+++ Records +++

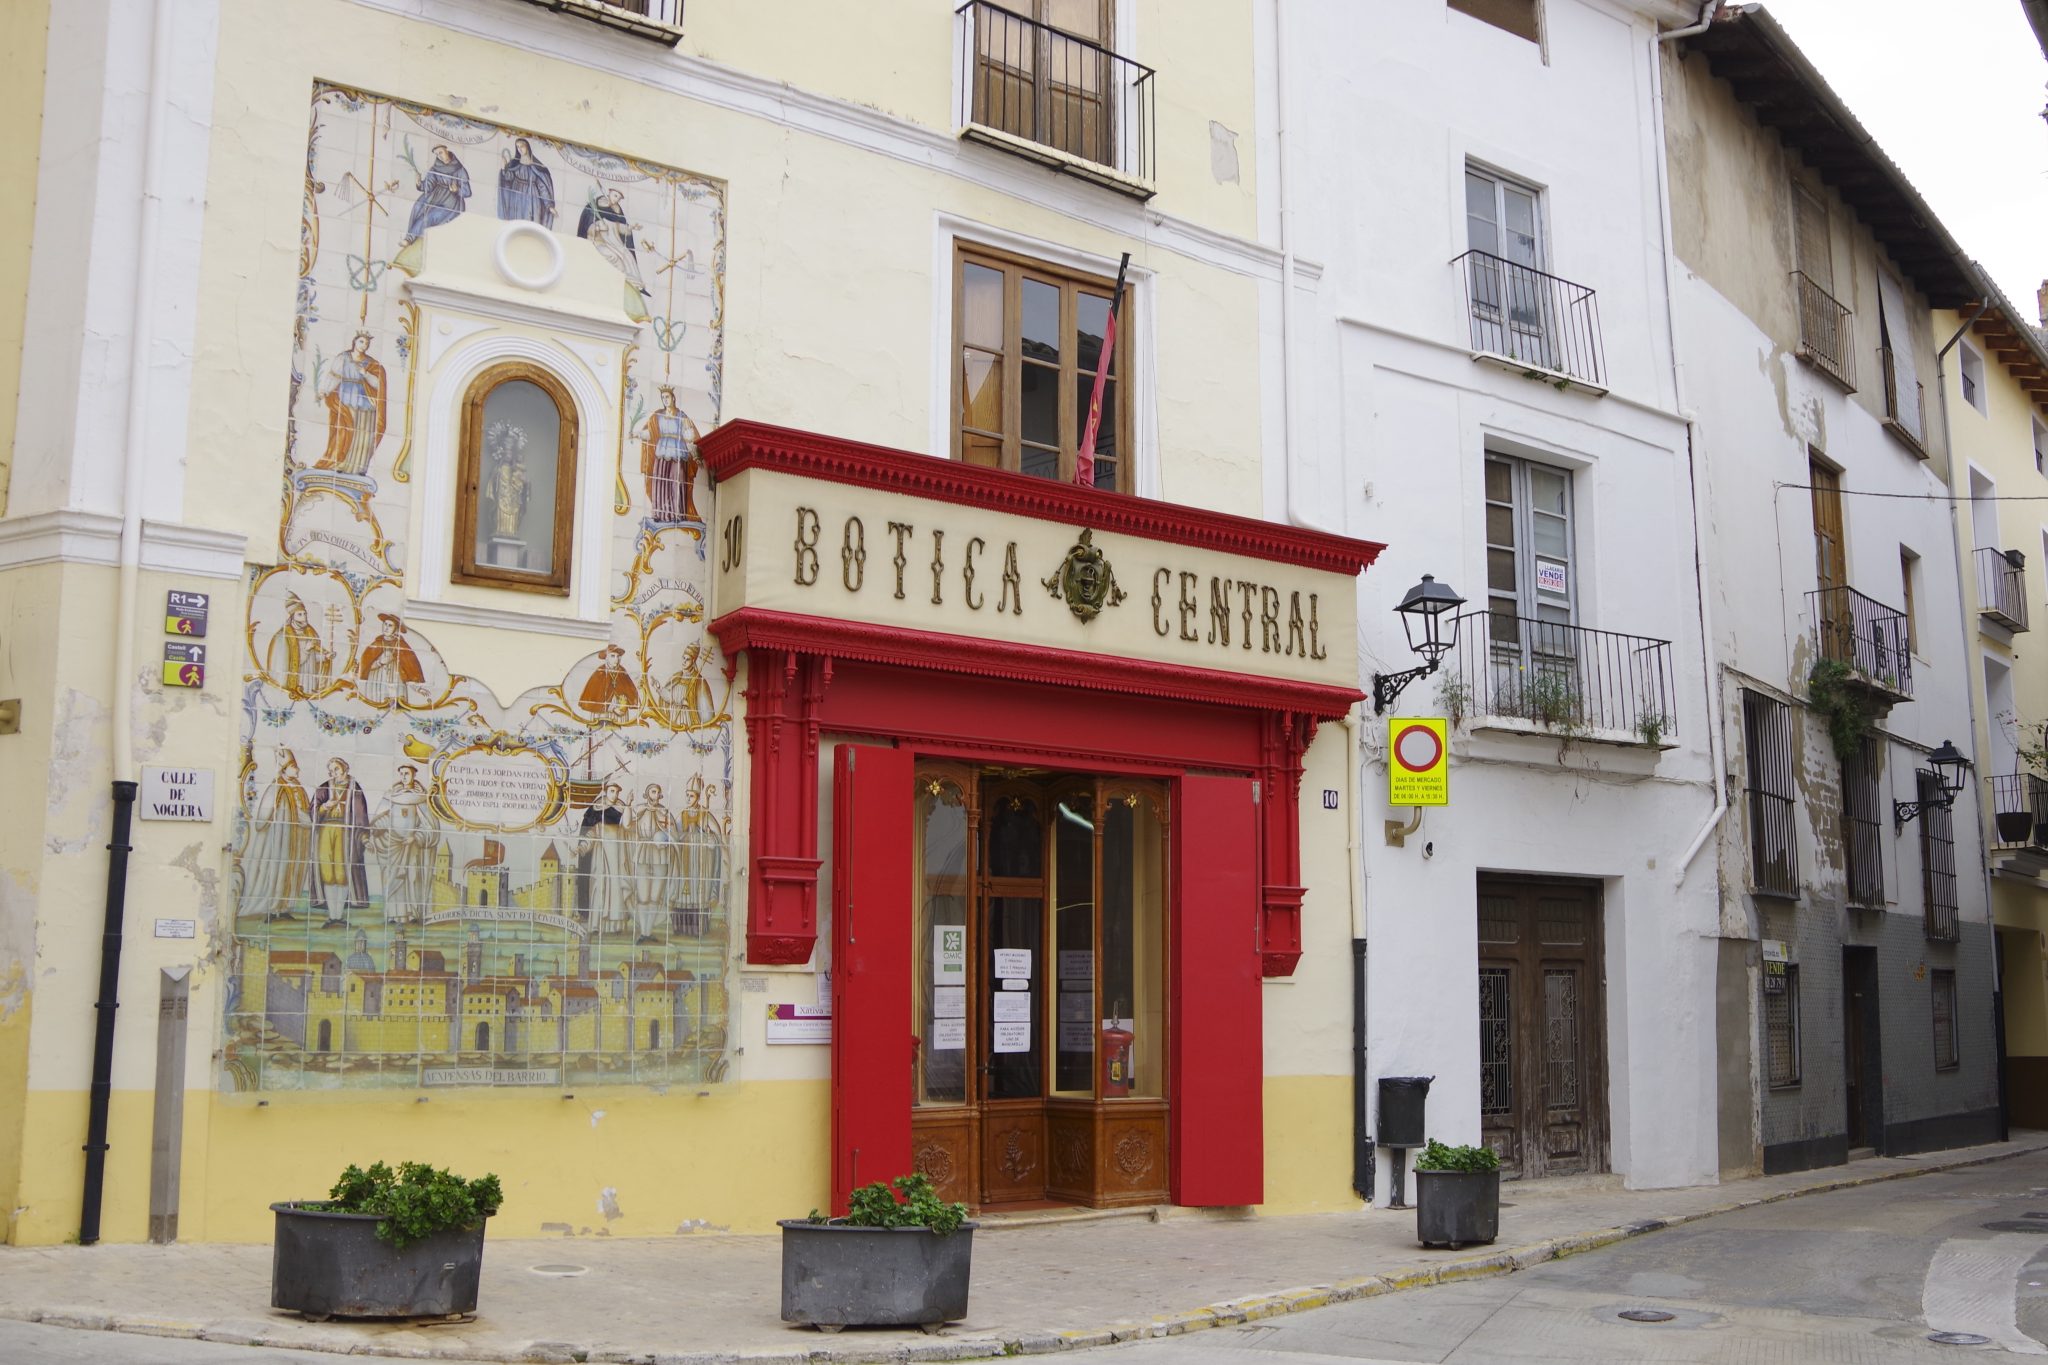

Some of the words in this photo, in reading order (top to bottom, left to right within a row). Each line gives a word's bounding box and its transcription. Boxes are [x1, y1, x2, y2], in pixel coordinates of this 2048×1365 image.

[722, 515, 743, 573] 10
[1538, 568, 1564, 581] VENDE
[793, 506, 1023, 616] BOTICA
[1152, 567, 1327, 660] CENTRAL
[171, 592, 186, 604] R1
[161, 771, 197, 785] CALLE
[169, 788, 186, 801] DE
[1325, 791, 1337, 808] 10
[152, 803, 204, 817] NOGUERA
[943, 952, 962, 960] OMIC
[1766, 961, 1786, 975] VENDE

+++

* [Required work]:
Take every entry above and transcribe it exactly, with no pictures in the copy.

* [Finished task]:
Some of the words in this photo, in reading order (top to bottom, left to right within a row). Each line gives a word's bounding box and its transcription. Boxes are [x1, y1, x2, y2], in pixel coordinates of this 2048×1365 image.

[722, 515, 743, 573] 10
[1538, 568, 1564, 581] VENDE
[793, 506, 1023, 616] BOTICA
[1152, 567, 1327, 660] CENTRAL
[171, 592, 186, 604] R1
[161, 771, 197, 785] CALLE
[169, 788, 186, 801] DE
[1325, 791, 1337, 808] 10
[152, 803, 204, 817] NOGUERA
[943, 952, 962, 960] OMIC
[1766, 961, 1786, 975] VENDE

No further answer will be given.